In dem verträumten Ort, wo Haus und Hof märchenhaft lieblich anmuten und die Einwohner selbst Fremde mit "Bonjour" begrüßen (es könnte ja wieder ein Dichter unter ihnen sein), gibt es auch eine Goethestraße und eine Friederikestraße, ein Goethemuseum (das leider zu hatte) und ein "Goethe-Memorial". Das ist ein zweiräumiges Fachwerkhäuschen vis-à-vis der Goethescheune. Der eine Raum belehrt über die frühe Goethe-Zeit mit gerahmten Texten und Bildern, der andere dient zur Andacht. Die riesige Büste des pensionierten Geheimrats hinter einer Absperrung befremdet. Steif und unnahbar blickt er an einem vorbei, wirkt so, wie man ihn seit der Schulzeit zu kennen glaubt.
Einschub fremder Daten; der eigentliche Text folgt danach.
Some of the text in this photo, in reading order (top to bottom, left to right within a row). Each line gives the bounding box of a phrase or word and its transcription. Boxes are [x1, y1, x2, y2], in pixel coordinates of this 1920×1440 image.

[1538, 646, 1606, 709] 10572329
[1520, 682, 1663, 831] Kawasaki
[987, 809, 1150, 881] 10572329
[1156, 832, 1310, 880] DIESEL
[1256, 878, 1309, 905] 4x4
Einige Jahre nach seinem Sessenheimer Abschied kam Goethe übrigens noch einmal vorbei. Wohl des schlechten Gewissens wegen. Aber niemand, selbst Friederike nicht, war ihm böse oder fühlte sich hintergangen. So war das in Sessenheim.
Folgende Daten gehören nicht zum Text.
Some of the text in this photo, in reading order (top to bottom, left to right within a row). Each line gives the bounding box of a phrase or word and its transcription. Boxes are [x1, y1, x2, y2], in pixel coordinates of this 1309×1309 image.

Dann nach Straßburg. Zum Münster. Der erste Eindruck: überwältigend! Ich ging einmal herum, dann hinein. Die Illumination durch die Rose, der etwas byzantinisch anmutende Chorraum, die Silbermann-Orgel, welche wie ein Präludium zu schweben scheint, die riesige astronomische Uhr ... Der erste Eindruck bleibt.
Als ich ich die 330 Stufen zur Aussichtsplattform besteigen wollte, kam ich allerdings 15 Minuten zu spät. Schade. Goethe ging bei seiner Straßburger Ankunft sofort hoch. Wollte nach einer Krankheit Höhenangst und Lärmempfindlichkeit überwinden, setzte sich fast unter die Glocke und war - für den Augenblick sicher taub - von der Übersensibilität am Ende jedoch geheilt. Vielleicht auch deshalb der unsensible Abschied von Friederike, man weiß es nicht.
Straßburg selbst wirkt im Vergleich zu Colmar weltstädtischer, jünger, betriebsamer. Die Fachwerkhäuser rund um das Münster sind zwar bezaubernd altehrwürdig wie das Maison Kammerzell, bezaubernder aber sind die jungen Verkäuferinnen, die in ihnen arbeiten. In Bezug auf Charme und Lebensart ist die Stadt reinweg französisch. Zumindest wirkte sie auf mich flüchtigen Besucher so.